■ **Aim of the task**
Print every record below exactly as it stands.
═════ Data supplied
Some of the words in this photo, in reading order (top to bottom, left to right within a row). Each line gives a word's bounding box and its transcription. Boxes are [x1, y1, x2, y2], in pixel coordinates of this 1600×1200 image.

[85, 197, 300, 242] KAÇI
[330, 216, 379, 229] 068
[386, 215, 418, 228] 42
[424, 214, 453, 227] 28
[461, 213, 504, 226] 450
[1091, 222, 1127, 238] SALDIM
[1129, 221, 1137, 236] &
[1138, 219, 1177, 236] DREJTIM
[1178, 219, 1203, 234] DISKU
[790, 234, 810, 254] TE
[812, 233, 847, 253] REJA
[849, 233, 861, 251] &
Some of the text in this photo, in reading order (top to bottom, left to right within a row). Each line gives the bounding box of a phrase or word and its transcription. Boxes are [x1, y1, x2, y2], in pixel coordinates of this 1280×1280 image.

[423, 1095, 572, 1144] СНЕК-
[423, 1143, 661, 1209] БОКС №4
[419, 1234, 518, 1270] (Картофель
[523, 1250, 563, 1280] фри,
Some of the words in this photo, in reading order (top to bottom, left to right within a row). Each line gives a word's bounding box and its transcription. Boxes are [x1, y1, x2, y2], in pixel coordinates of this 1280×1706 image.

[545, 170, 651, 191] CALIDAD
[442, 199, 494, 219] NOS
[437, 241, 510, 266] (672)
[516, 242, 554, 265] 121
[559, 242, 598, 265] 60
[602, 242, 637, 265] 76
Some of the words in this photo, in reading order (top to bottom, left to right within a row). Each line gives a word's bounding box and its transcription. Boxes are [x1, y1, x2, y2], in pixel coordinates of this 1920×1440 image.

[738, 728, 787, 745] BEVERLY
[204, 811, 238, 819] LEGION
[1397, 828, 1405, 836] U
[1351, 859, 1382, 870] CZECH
══════════
■ **Answer area**
Some of the words in this photo, in reading order (top to bottom, left to right within a row). Each line gives a word's bounding box and its transcription. Boxes are [x1, y1, x2, y2], in pixel coordinates of this 1600×1200 image.

[85, 197, 300, 242] KAÇI
[330, 216, 379, 229] 068
[386, 215, 418, 228] 42
[424, 214, 453, 227] 28
[461, 213, 504, 226] 450
[1091, 222, 1127, 238] SALDIM
[1129, 221, 1137, 236] &
[1138, 219, 1177, 236] DREJTIM
[1178, 219, 1203, 234] DISKU
[790, 234, 810, 254] TE
[812, 233, 847, 253] REJA
[849, 233, 861, 251] &
Some of the text in this photo, in reading order (top to bottom, left to right within a row). Each line gives the bounding box of a phrase or word and its transcription. Boxes are [x1, y1, x2, y2], in pixel coordinates of this 1280×1280 image.

[423, 1095, 572, 1144] СНЕК-
[423, 1143, 661, 1209] БОКС №4
[419, 1234, 518, 1270] (Картофель
[523, 1250, 563, 1280] фри,
Some of the words in this photo, in reading order (top to bottom, left to right within a row). Each line gives a word's bounding box and its transcription. Boxes are [x1, y1, x2, y2], in pixel coordinates of this 1280×1706 image.

[545, 170, 651, 191] CALIDAD
[442, 199, 494, 219] NOS
[437, 241, 510, 266] (672)
[516, 242, 554, 265] 121
[559, 242, 598, 265] 60
[602, 242, 637, 265] 76
Some of the words in this photo, in reading order (top to bottom, left to right within a row). Each line gives a word's bounding box and its transcription. Boxes are [x1, y1, x2, y2], in pixel coordinates of this 1920×1440 image.

[738, 728, 787, 745] BEVERLY
[204, 811, 238, 819] LEGION
[1397, 828, 1405, 836] U
[1351, 859, 1382, 870] CZECH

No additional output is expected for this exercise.